Data excerpts:
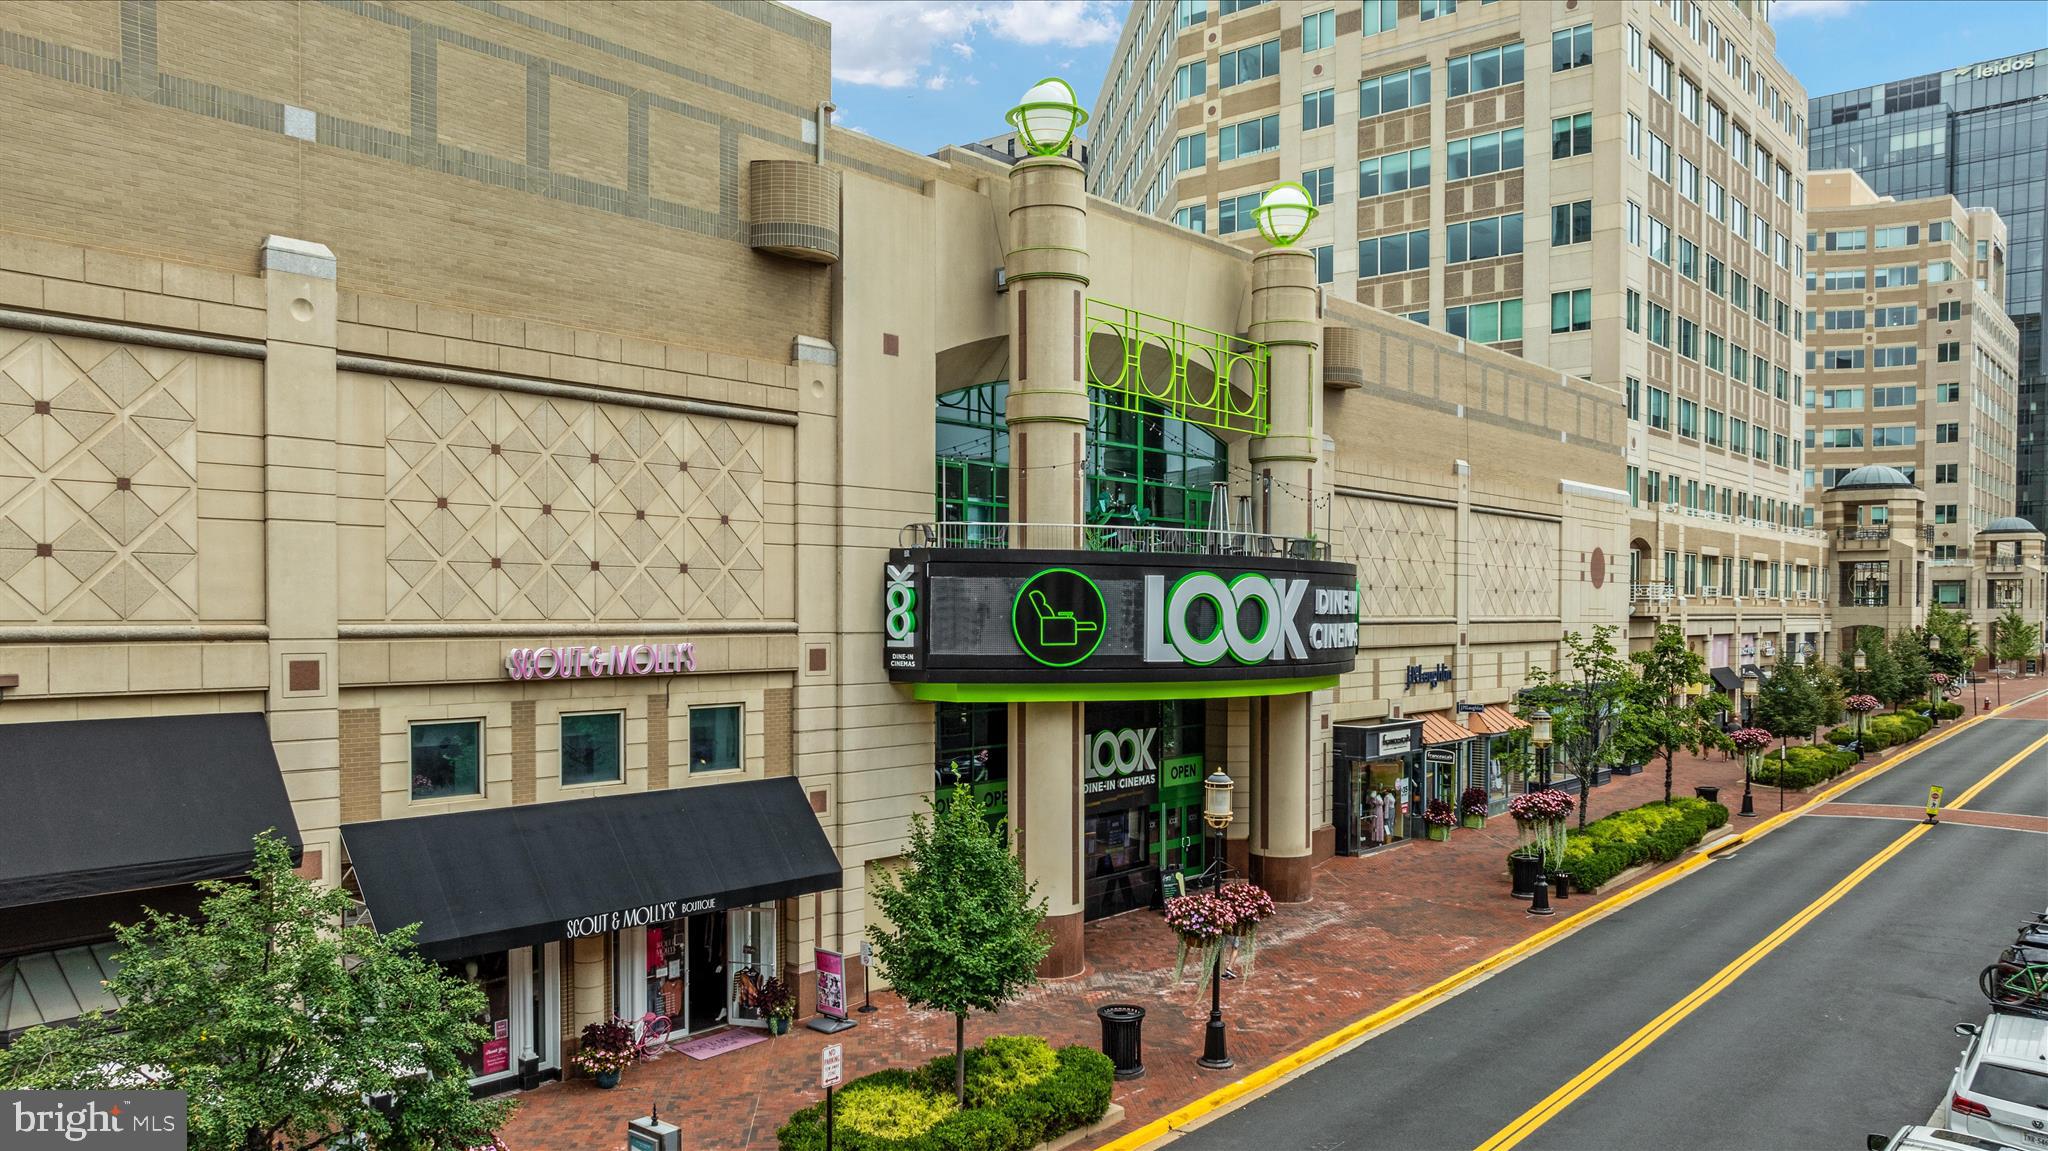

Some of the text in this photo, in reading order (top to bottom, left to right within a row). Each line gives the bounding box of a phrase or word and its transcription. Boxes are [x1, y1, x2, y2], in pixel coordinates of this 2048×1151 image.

[1977, 57, 2035, 79] leidos
[887, 564, 916, 648] LOOK
[1144, 571, 1309, 666] LOOK
[510, 642, 697, 680] SCOUT & MOLLY'S
[1084, 728, 1158, 778] LOOK
[1171, 764, 1196, 779] OPEN
[984, 790, 1008, 808] OPE
[1084, 774, 1156, 794] DINE-IN CINEMAS
[567, 913, 609, 938] SCOUT
[612, 911, 620, 930] &
[681, 898, 716, 913] BOUTIQUE

_YOUR OBJECTIVE:_ Leave out the pictures and retype the rest of the entries exactly.

_SOLUTION FOR THIS PROBLEM:_
Some of the text in this photo, in reading order (top to bottom, left to right within a row). Each line gives the bounding box of a phrase or word and its transcription. Boxes are [x1, y1, x2, y2], in pixel coordinates of this 2048×1151 image.

[1977, 57, 2035, 79] leidos
[887, 564, 916, 648] LOOK
[1144, 571, 1309, 666] LOOK
[510, 642, 697, 680] SCOUT & MOLLY'S
[1084, 728, 1158, 778] LOOK
[1171, 764, 1196, 779] OPEN
[984, 790, 1008, 808] OPE
[1084, 774, 1156, 794] DINE-IN CINEMAS
[567, 913, 609, 938] SCOUT
[612, 911, 620, 930] &
[681, 898, 716, 913] BOUTIQUE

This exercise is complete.